What is aflatoxin poisoning?

Animals who consume aflatoxin may experience symptoms including sluggishness; loss of appetite; vomiting; a yellowish tint to the eyes, gums or skin due to liver damage, known as jaundice; and diarrhea, according to the FDA. In some cases, it's possible for animals to experience liver damage without showing any symptoms.

If your pet has eaten one of the above products, especially if it shows signs of aflatoxin poisoning, contact your veterinarian immediately and provide a full diet history, Midwestern Pet Food Inc. advised.

The FDA also recommends that pet owners throw away any recalled products in an area where children and animals, including wildlife, cannot get to it, even if there's no visible mold.
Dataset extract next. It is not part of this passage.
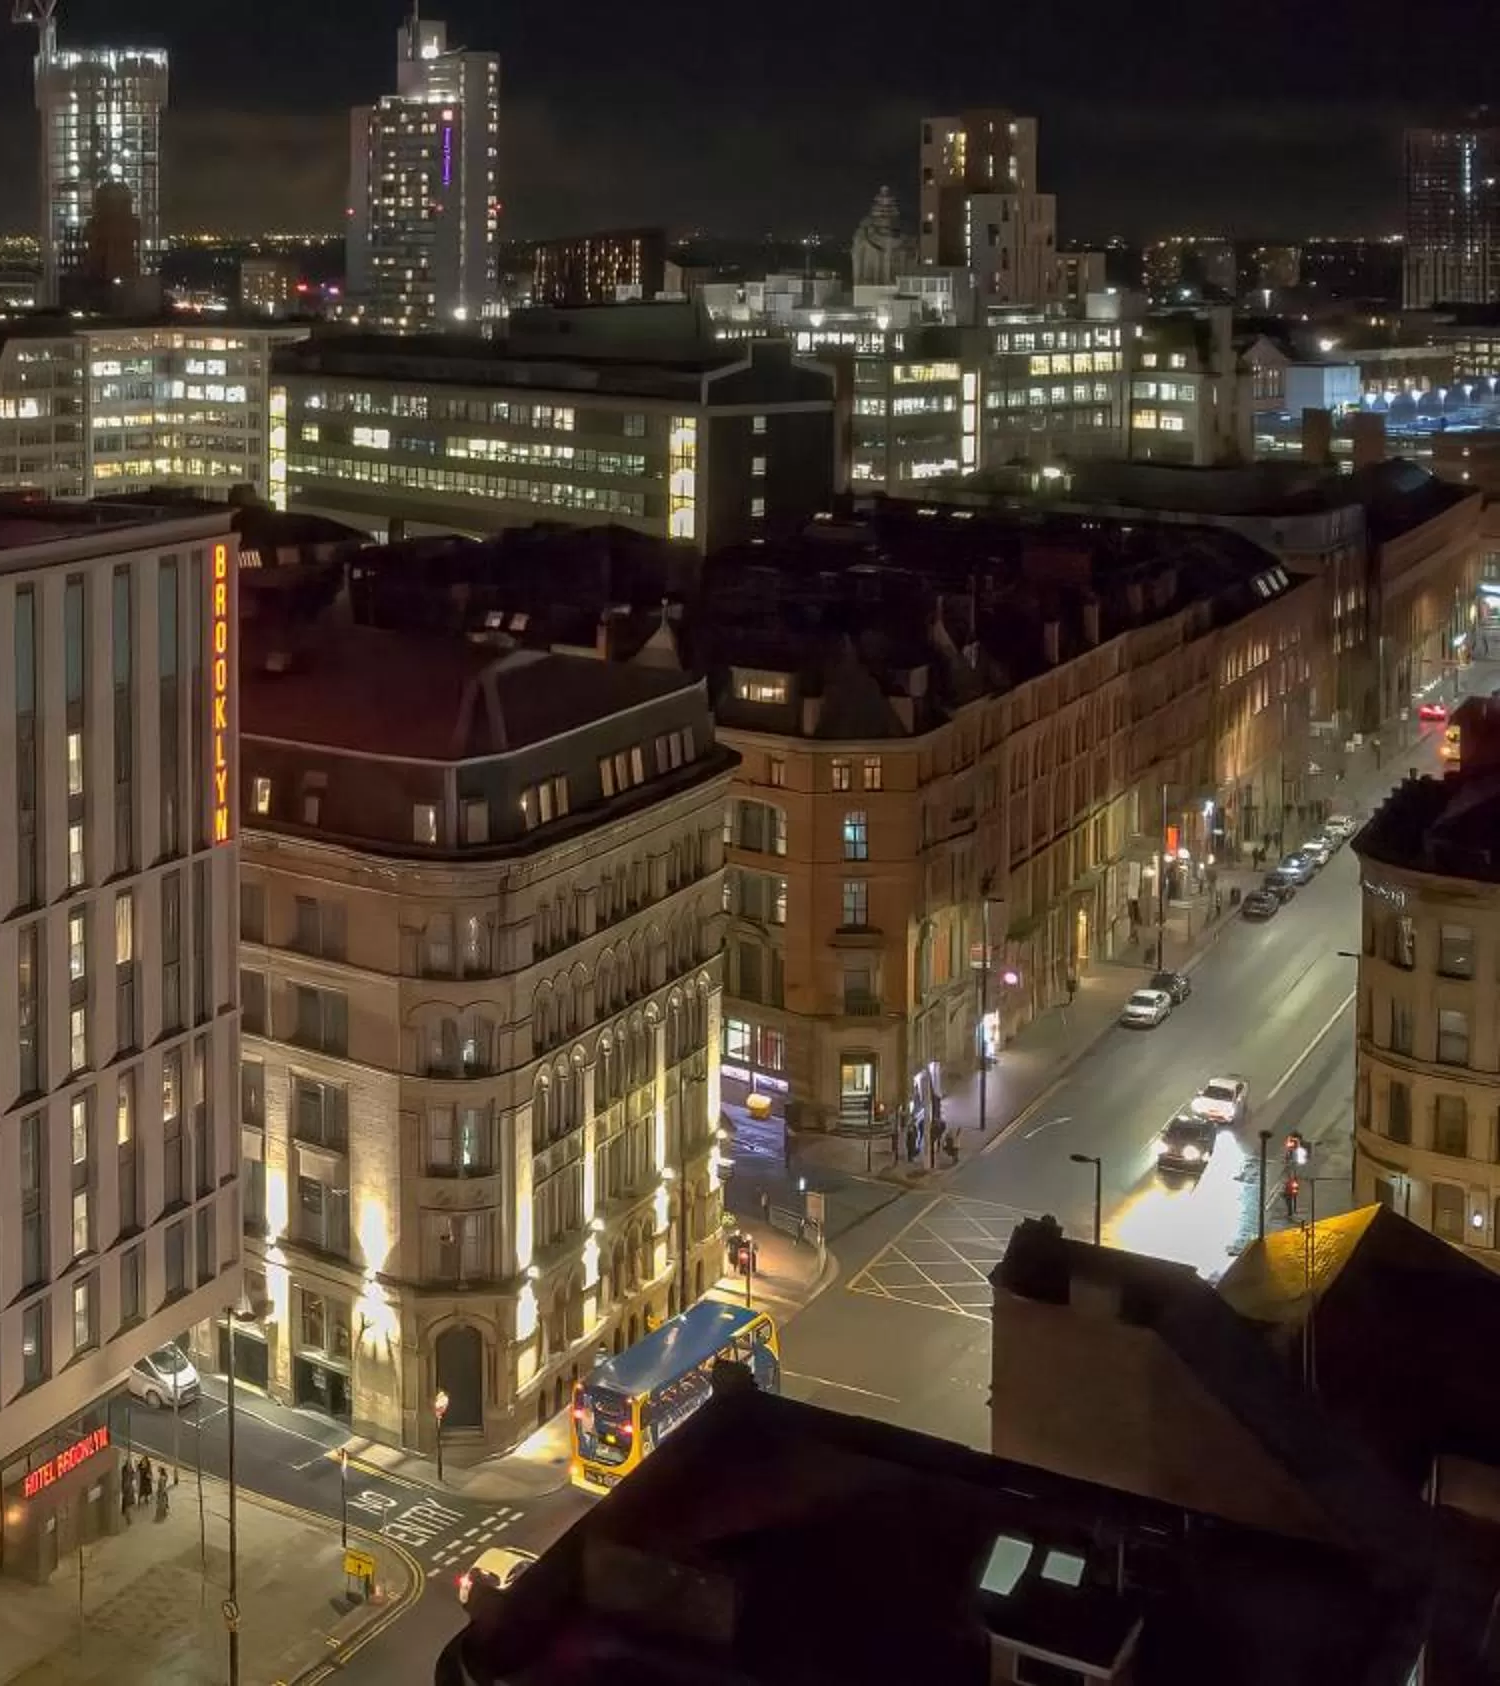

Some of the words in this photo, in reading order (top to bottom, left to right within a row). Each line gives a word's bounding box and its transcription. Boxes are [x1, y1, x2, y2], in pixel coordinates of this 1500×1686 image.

[214, 543, 229, 842] BROOKLYN
[24, 1460, 57, 1498] HOTEL
[57, 1425, 109, 1478] BROOKLYN
[379, 1497, 466, 1547] ENTRY
While the FDA has said there's no evidence to suggest that pet owners who touch products with aflatoxin are at risk of illness, owners should always wash their hands after serving pet food.

The FDA is currently conducting "follow-up activities at the manufacturing facility."

To continue to track the spread of affected products, illnesses in pets should be reported to the FDA. Veterinarians can submit case reports online through the agency's Safety Reporting Portal or by phone by calling state-specific FDA Consumer Complaint Coordinators. Owners can report suspected illnesses using those same sites, but should work with a veterinarian so that detailed medical records can be included in the report.